Its fine, but don't claim is revolutionary like its claimed on the blog post
the idea was taken from. Its part of a category of web sites that even has a
wikipedia entry <http://en.wikipedia.org/wiki/Link_exchange>

Maybe its a good plan, I think linkexchange was bought by microsoft, which
then killed it.

------
RobGR
Some follow up thoughts:

1) potential users need to be able see the all groups, and what ads are in the
groups, to figure out where they belong

2) Is there a need for private groups at all ?

3) In your faq you mention the startup problem -- everyone starts with 0
points, so they can't show their ads, and no one can get points because their
are no ads to show.
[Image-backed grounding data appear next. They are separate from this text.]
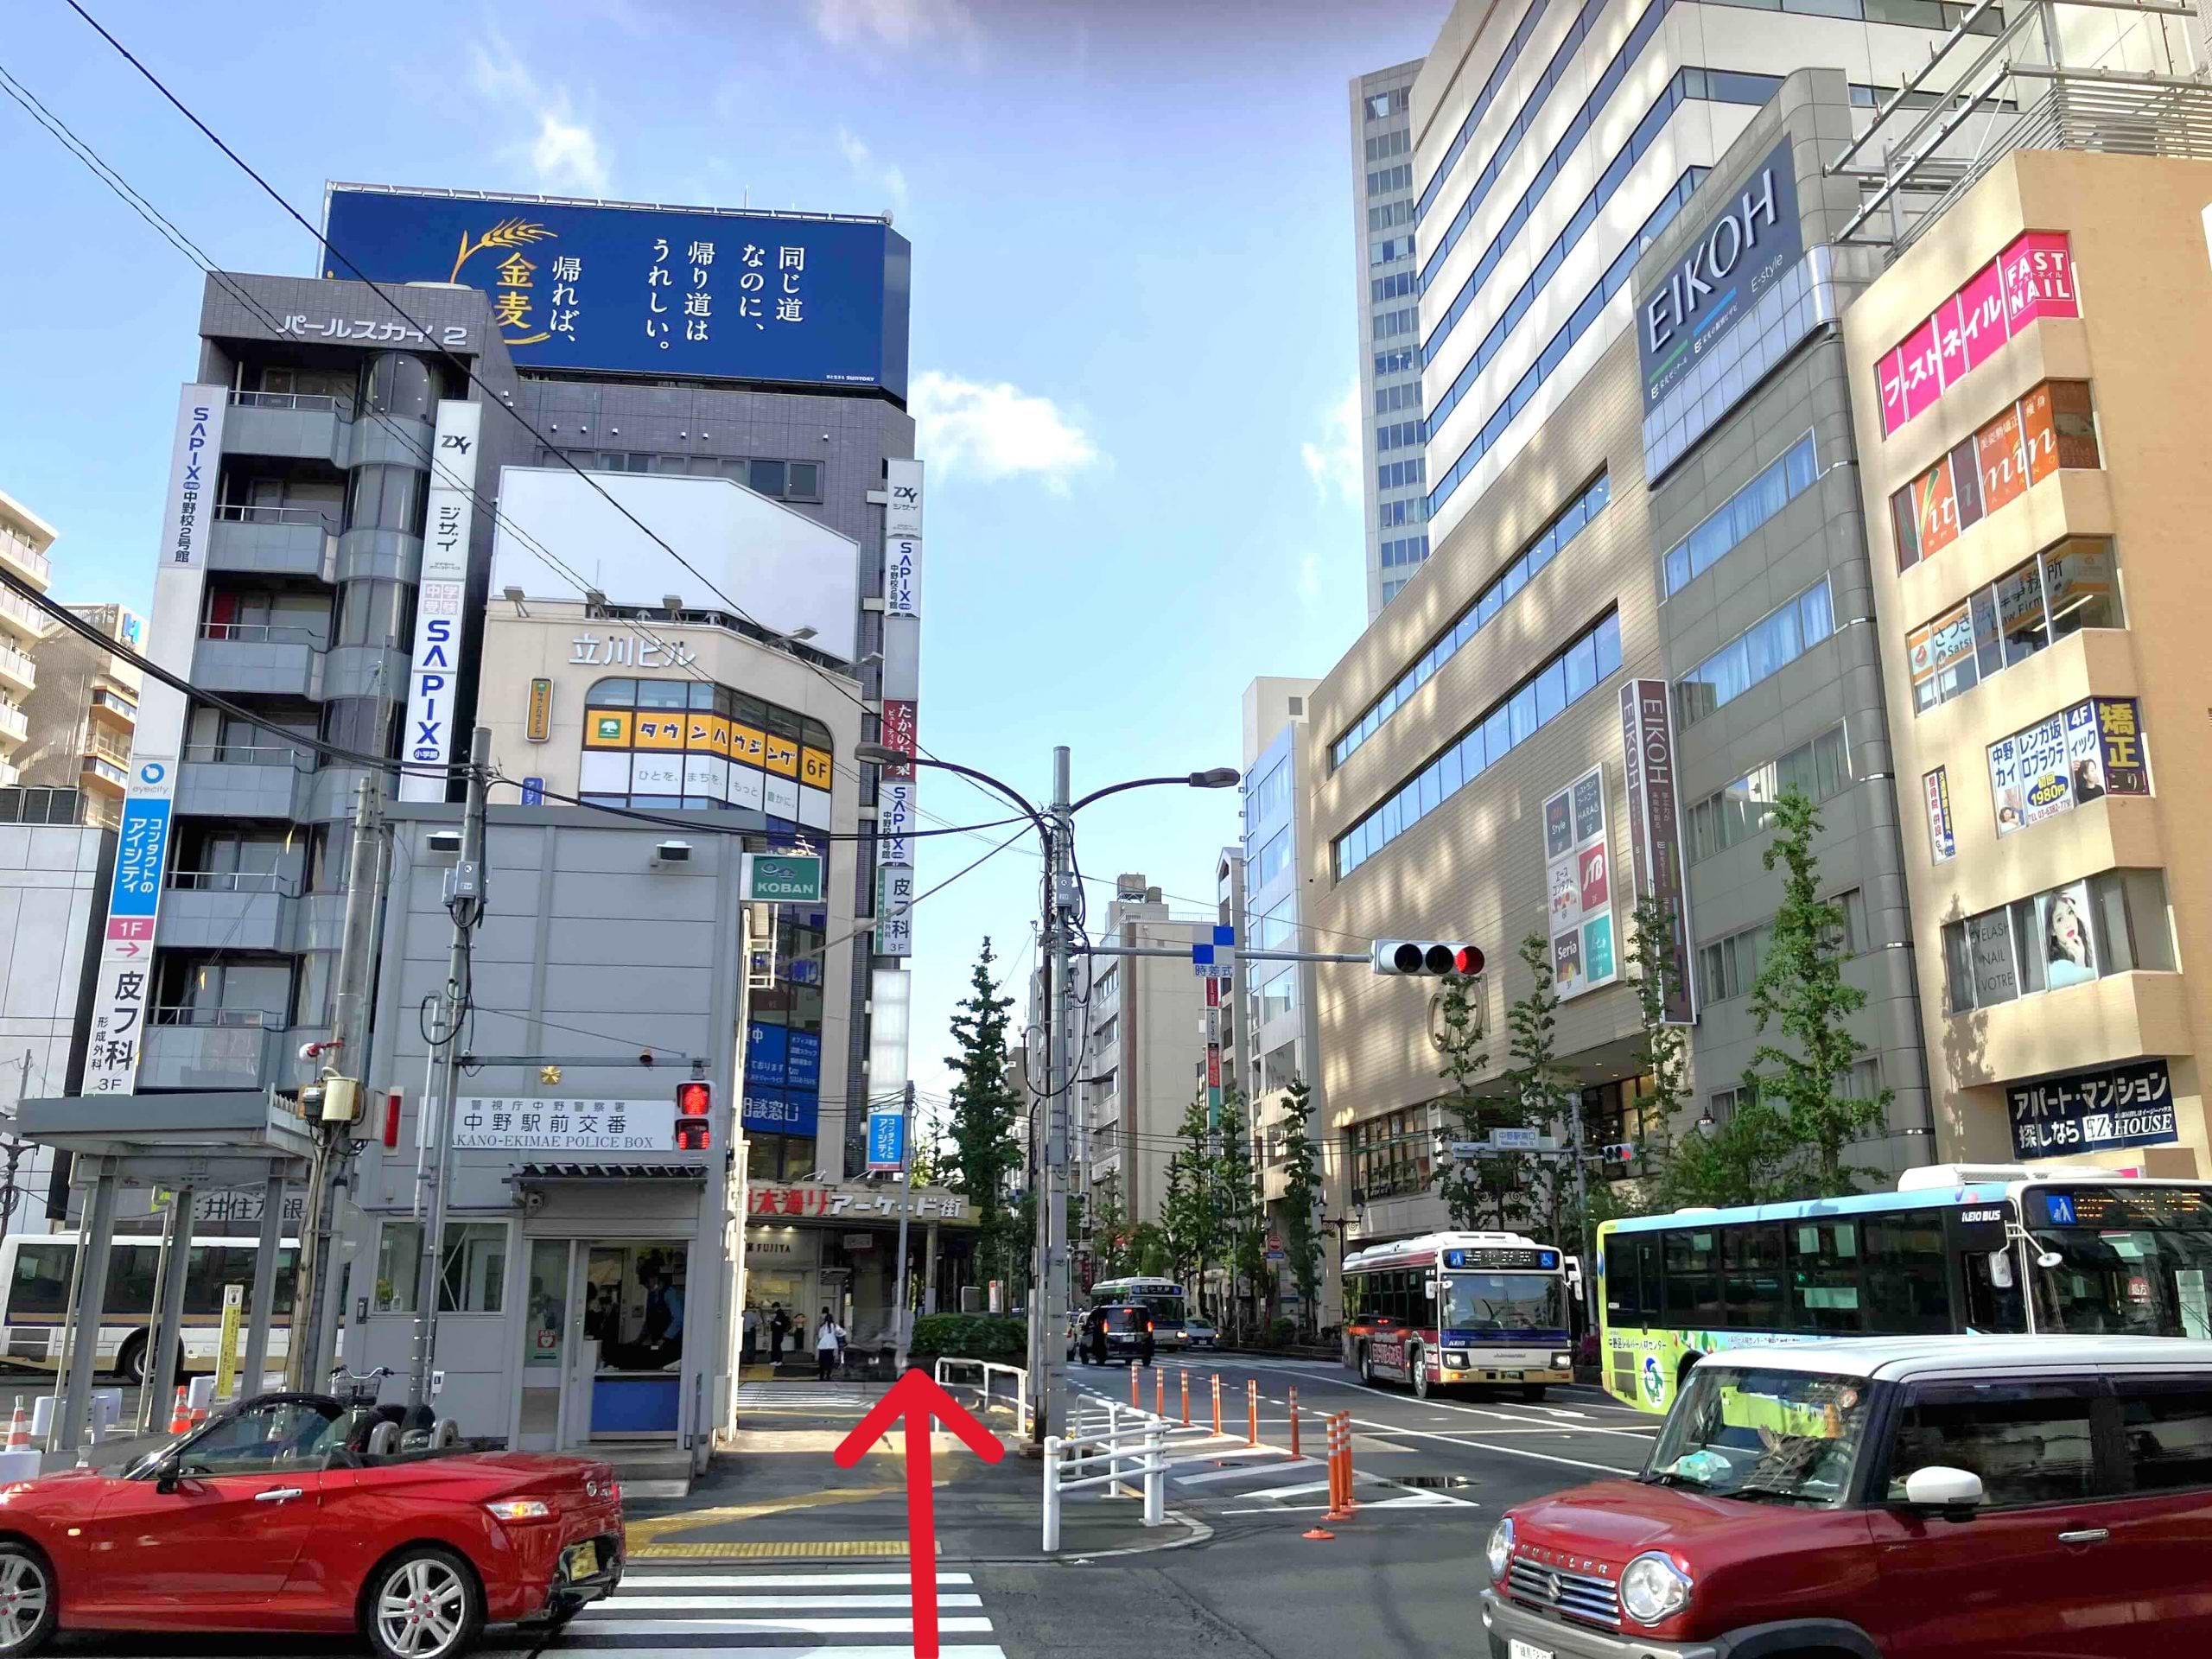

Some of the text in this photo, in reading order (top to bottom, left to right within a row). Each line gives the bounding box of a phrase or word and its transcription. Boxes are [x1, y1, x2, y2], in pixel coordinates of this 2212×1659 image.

[1648, 167, 1777, 353] EIKOH
[1751, 253, 1783, 294] E-style
[2007, 251, 2064, 288] FAST
[495, 251, 537, 330] 金麦
[549, 256, 583, 344] 帰れば、
[645, 237, 673, 351] うれしい。
[684, 240, 715, 342] 帰り道は
[737, 244, 767, 332] なのに、
[775, 245, 804, 323] 同じ道
[2011, 278, 2070, 315] NAIL
[276, 314, 467, 346] パールスカイ 2
[184, 407, 210, 480] SAPIX
[442, 435, 472, 454] ZXY
[893, 486, 918, 503] ZXY
[175, 490, 198, 563] 中野校2号館
[437, 506, 461, 552] ジザイ
[899, 542, 912, 602] SAPIX
[569, 633, 696, 668] 立川ビル
[416, 620, 451, 746] SAPIX
[2071, 707, 2088, 728] 4F
[2099, 702, 2140, 767] 矯正
[641, 722, 827, 778] タウンハウジング 6F
[1624, 702, 1639, 790] EIKOH
[1643, 699, 1669, 784] EIKOH
[1993, 720, 2062, 765] 中野 レンガ坂
[2022, 741, 2063, 778] ロプラクテ
[132, 786, 168, 796] eyecity
[2031, 784, 2065, 805] 1980円
[893, 787, 906, 850] SAPIX
[122, 818, 148, 893] アイシティ
[141, 819, 162, 893] コンタクトの
[1583, 855, 1603, 891] JTB
[757, 882, 814, 894] KOBAN
[892, 878, 911, 939] 皮フ科
[120, 922, 143, 936] 1F
[1970, 922, 2009, 944] EYELASH
[1195, 964, 1233, 976] 時差式
[1558, 942, 1577, 961] Seria
[1983, 952, 2005, 966] NAIL
[1981, 972, 2013, 992] VOTRE
[105, 971, 143, 1071] 皮フ科
[91, 1016, 109, 1071] 形成外科
[99, 1077, 122, 1091] 3F
[2014, 1072, 2167, 1120] アパート・マンション
[464, 1113, 626, 1134] 中野駅前交番
[566, 1135, 620, 1149] POLICE
[624, 1136, 653, 1149] BOX
[877, 1118, 888, 1158] アイシティ
[2018, 1120, 2080, 1149] 探しなら
[2114, 1114, 2173, 1137] HOUSE
[1961, 1211, 2000, 1222] KEIO BUS
[757, 1244, 791, 1253] FUJIYA
If you see all the groups and ads in a group, you will get
some clicks just coming through people examining that page, and you can assign
those credits and get things started that way.

4) I think you need to allow one account to be in multiple groups

That's all, I hope your project takes off.
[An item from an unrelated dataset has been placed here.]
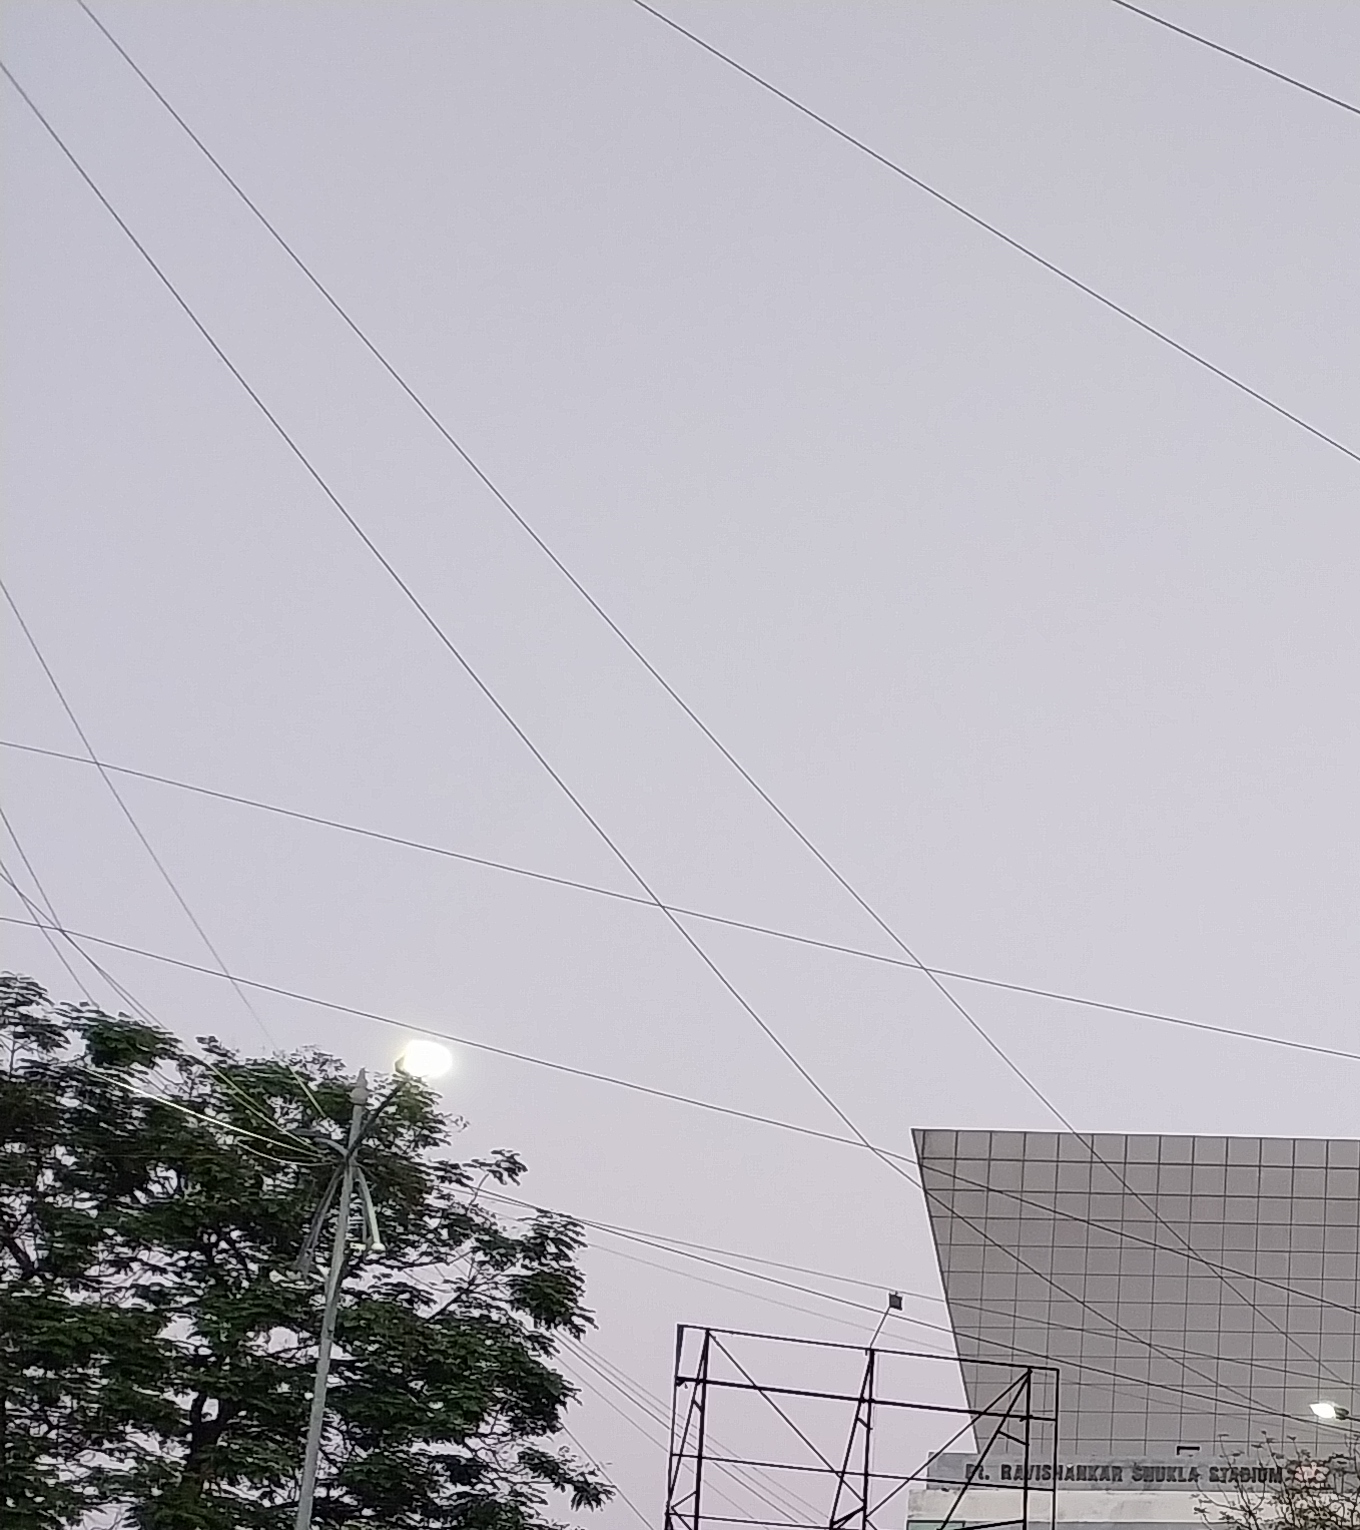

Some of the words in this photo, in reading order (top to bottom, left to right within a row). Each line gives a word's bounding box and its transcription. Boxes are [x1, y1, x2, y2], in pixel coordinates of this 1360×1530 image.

[1000, 1463, 1124, 1482] RAVISHANKAR
[1131, 1464, 1200, 1482] SHUKLA
[1208, 1465, 1283, 1484] STADIUM
Is there any way to make money from this at all ? Other than have another
money-making site that is promoted via admates, of course.

------
RobGR
I would use something like this.

But I went to the various sites listed in the faq as showing ads, and I wasn't
impressed -- the ads sucked. For example, on
<http://www.clarkwood.com/extras/> , after searching the whole page and
looking at my adblock settings to see it was blocked, I finally realized the
picture of a wrench and the text "software you might enjoy" was the ad.

I might sign up for this anyway, but my web sites already suffer from poor,
cluttered design with too much text, and I'll have to block ads that don't
make it obvious that they are ads, and why you should or shouldn't click on
them.

------
wheels
I like the idea ... I think. Here's some feedback:

\- Sign up forms must die. I'd have registered if I could view a list of
companies that was there and was moderately interested. As was, I ended up
just closing the window.

\- Blog exchange would be more interesting for me. I don't want to display ads
on our site, but I have no problem writing about a startup that I find
genuinely cool, especially if the interest goes both ways.
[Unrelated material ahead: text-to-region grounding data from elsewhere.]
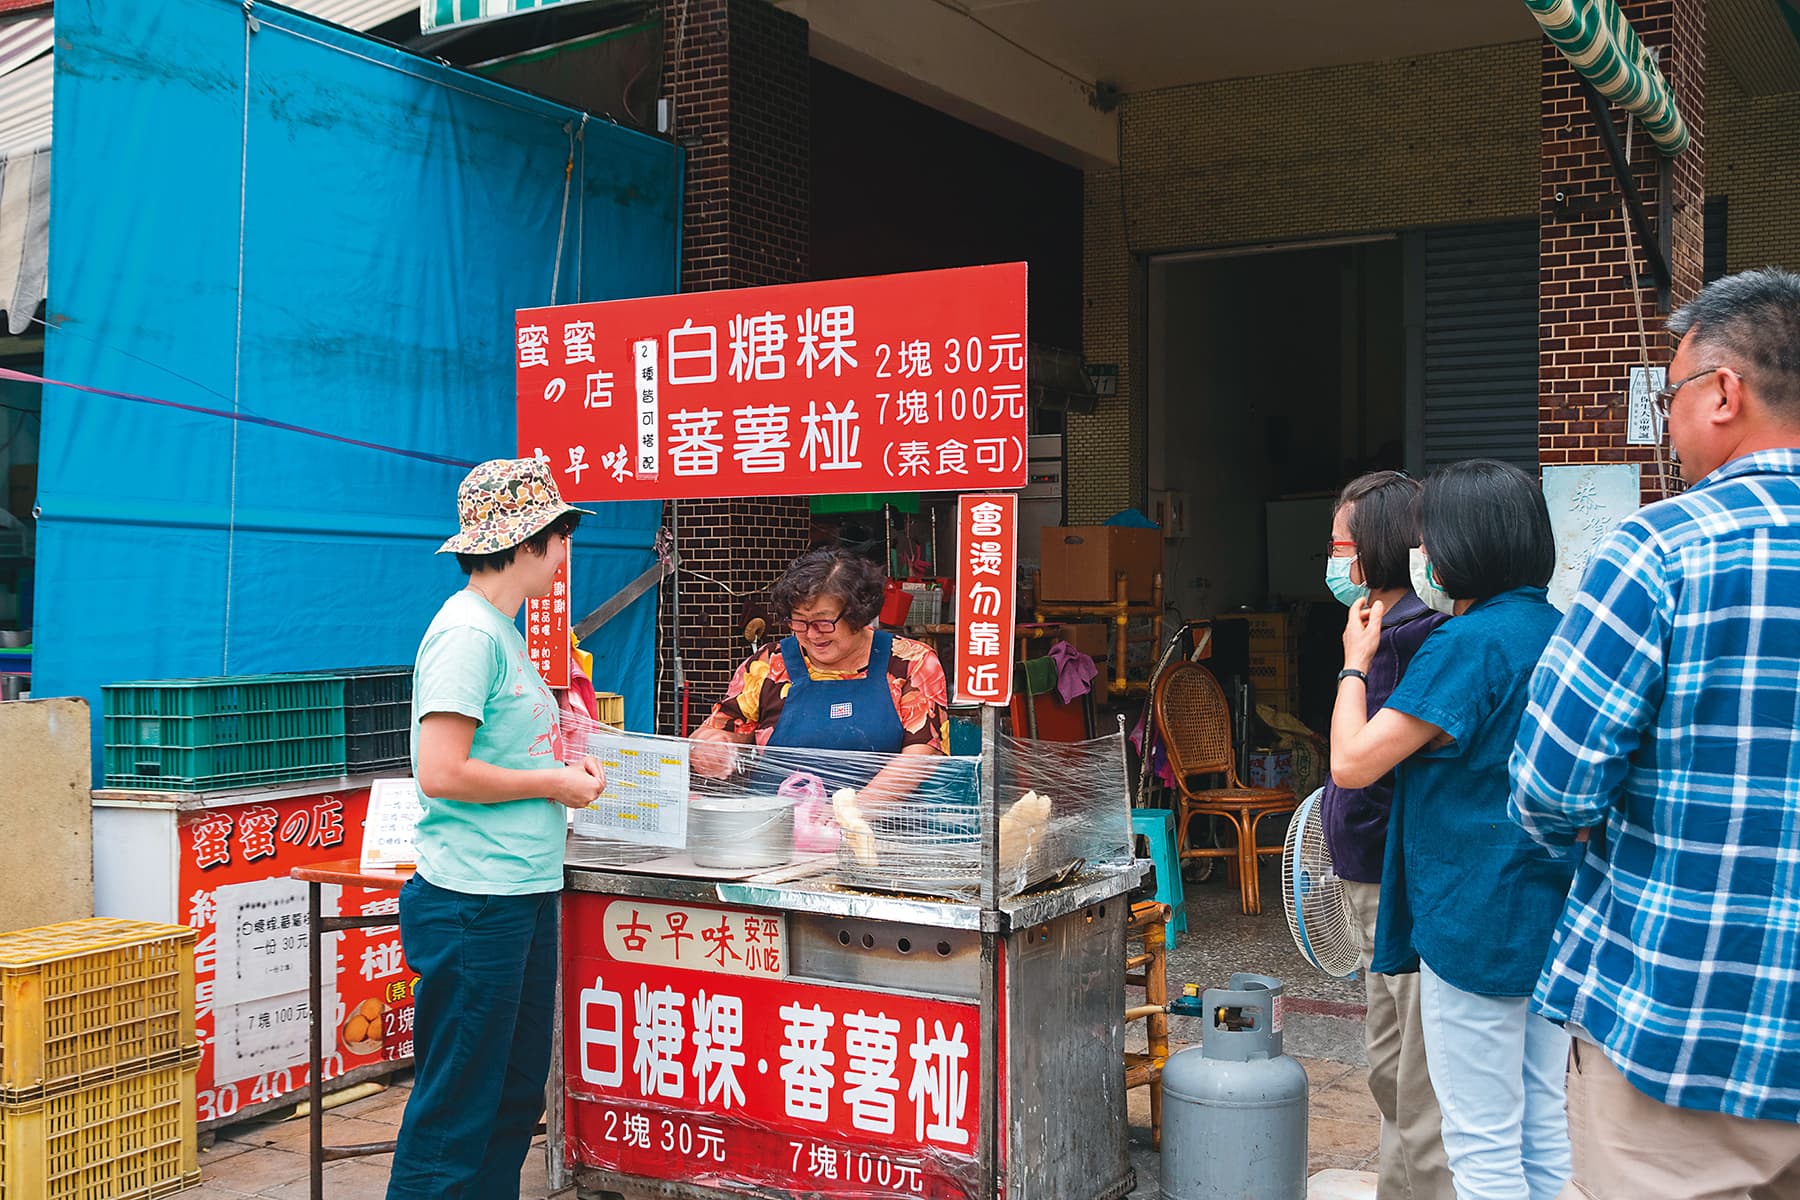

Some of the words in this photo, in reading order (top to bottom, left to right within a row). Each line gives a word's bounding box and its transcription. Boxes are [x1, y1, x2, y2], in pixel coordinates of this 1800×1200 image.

[518, 321, 596, 369] 蜜蜜
[667, 304, 858, 386] 白糖粿
[876, 384, 1024, 425] 7塊100元
[667, 399, 862, 476] 蕃薯椪
[882, 438, 1024, 479] (素食可)
[967, 501, 1004, 697] 會燙勿靠近
[191, 795, 345, 870] 蜜蜜の店
[616, 909, 742, 967] 古早味
[744, 916, 779, 945] 安平
[744, 946, 780, 973] 小吃
\- You're going to have to ride a tough line between this struggling to be
relevant and exploding into a steaming pile of crap. Maybe link it to
something like a requirement to have a Crunchbase entry?

------
rksprst
I recently launched a direct competitor to you: <http://adexchanged.com/>
We've had 205194 ad impressions served in the 28 days since we've launched.
I'd be interested if you wanted to share some of your numbers...

The fact that competitors spring up proves that there's a market there...
right? Isn't that how web 2.0 works ;)

We're going to launch some major new features and improvements next week
(hopefully putting google analytics and google adsense out of business ;).

------
swombat
That's kind of cool. Could use more exposure.

The groups are a nice solution to the problem of trust on ad exchanges.